*ASSIGNED TASK*
What is needed is an exact transcription of every record, minus the pictures.

(Stored data entries)
────

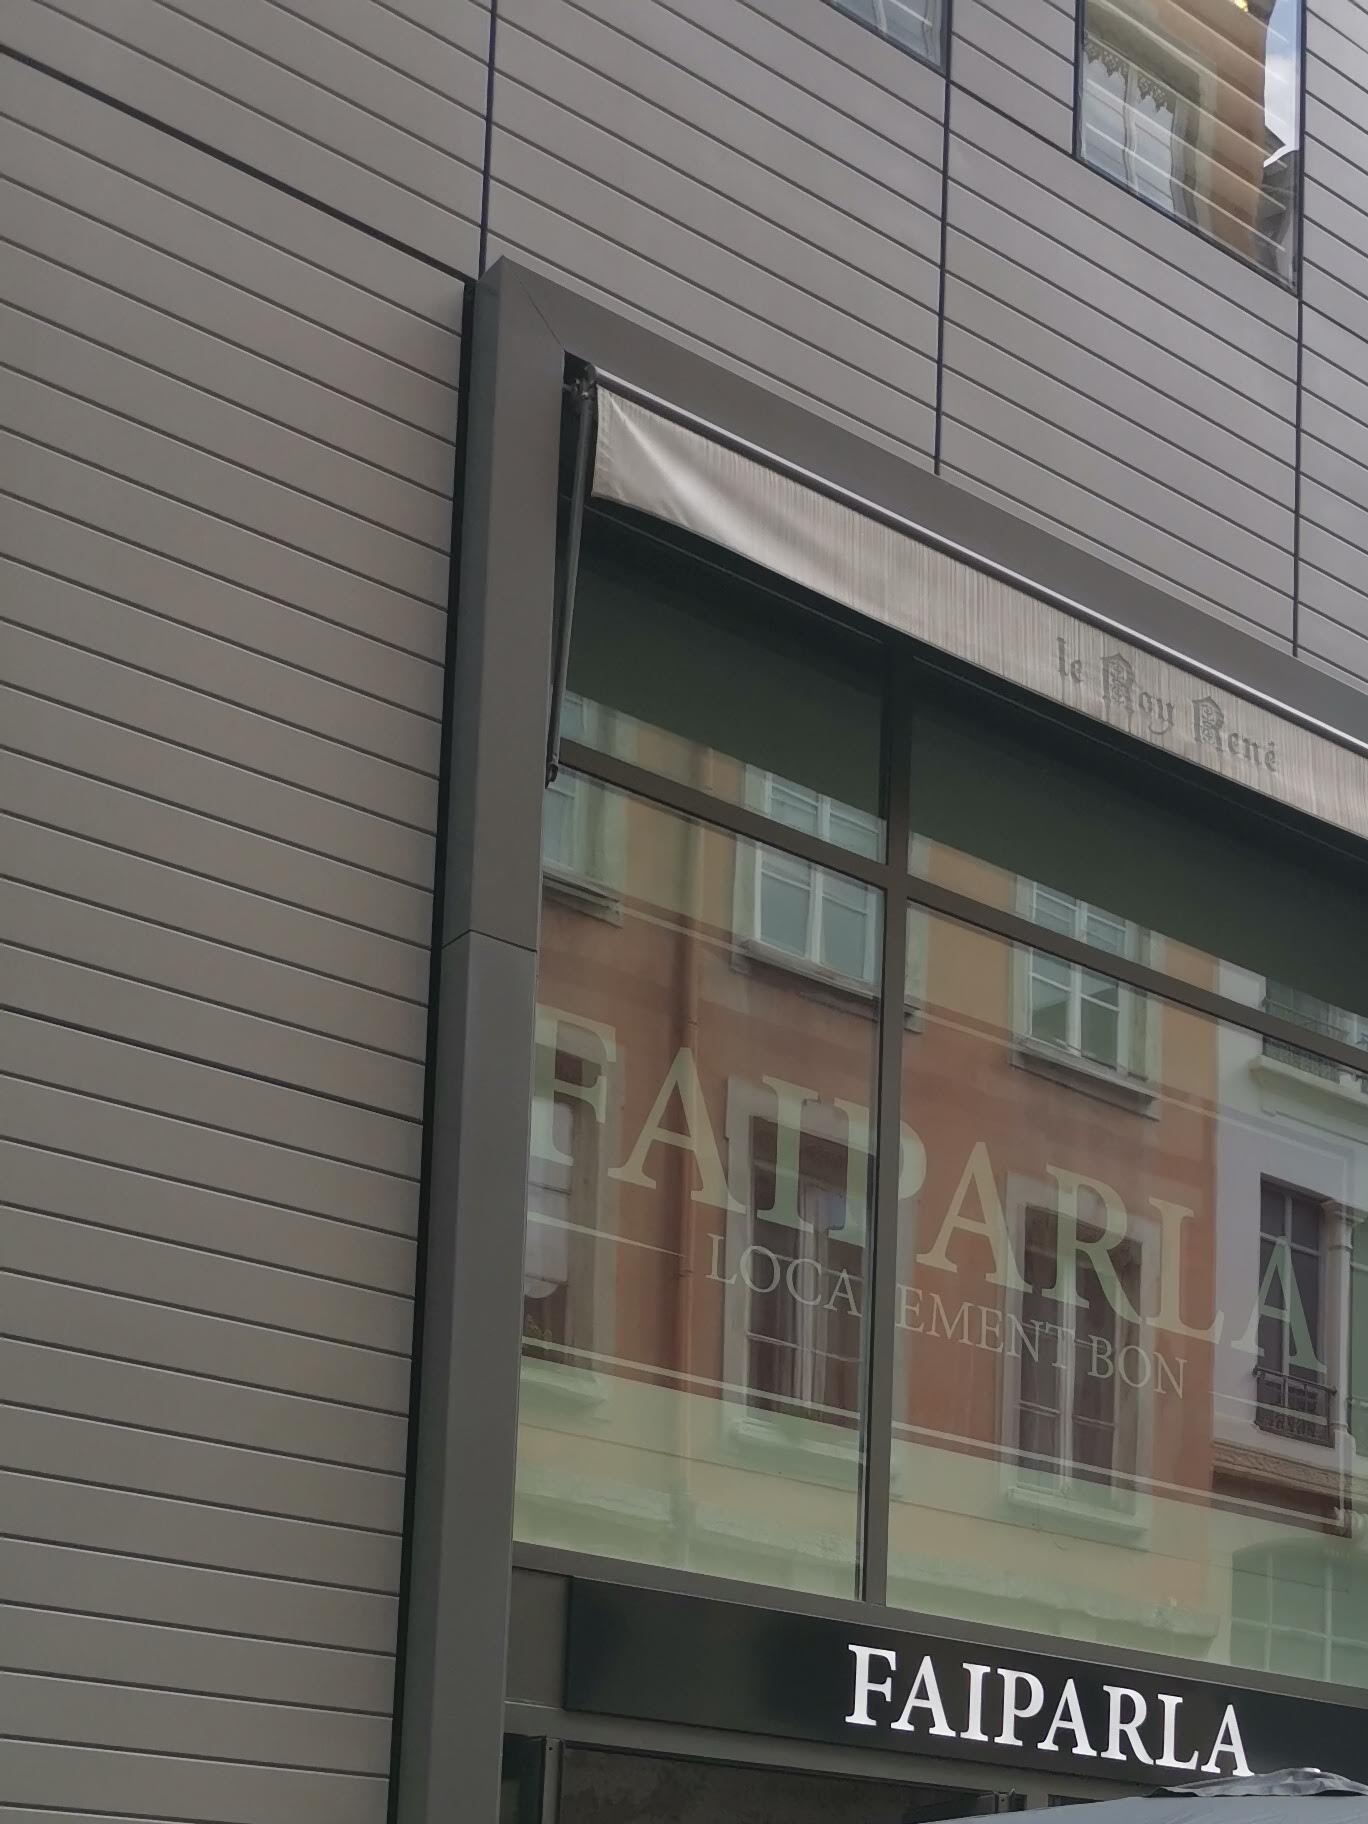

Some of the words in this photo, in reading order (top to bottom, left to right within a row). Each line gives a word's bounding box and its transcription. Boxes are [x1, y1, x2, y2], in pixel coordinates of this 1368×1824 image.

[1056, 637, 1082, 684] le
[1100, 653, 1175, 735] Roy
[1192, 696, 1278, 773] René
[530, 1002, 1326, 1374] FAIPARLA
[705, 1233, 1077, 1369] LOCAEMENT
[1087, 1334, 1187, 1400] BON
[845, 1643, 1255, 1777] FAIPARLA

────

*SOLUTION TO THIS PROBLEM*
Some of the words in this photo, in reading order (top to bottom, left to right within a row). Each line gives a word's bounding box and its transcription. Boxes are [x1, y1, x2, y2], in pixel coordinates of this 1368×1824 image.

[1056, 637, 1082, 684] le
[1100, 653, 1175, 735] Roy
[1192, 696, 1278, 773] René
[530, 1002, 1326, 1374] FAIPARLA
[705, 1233, 1077, 1369] LOCAEMENT
[1087, 1334, 1187, 1400] BON
[845, 1643, 1255, 1777] FAIPARLA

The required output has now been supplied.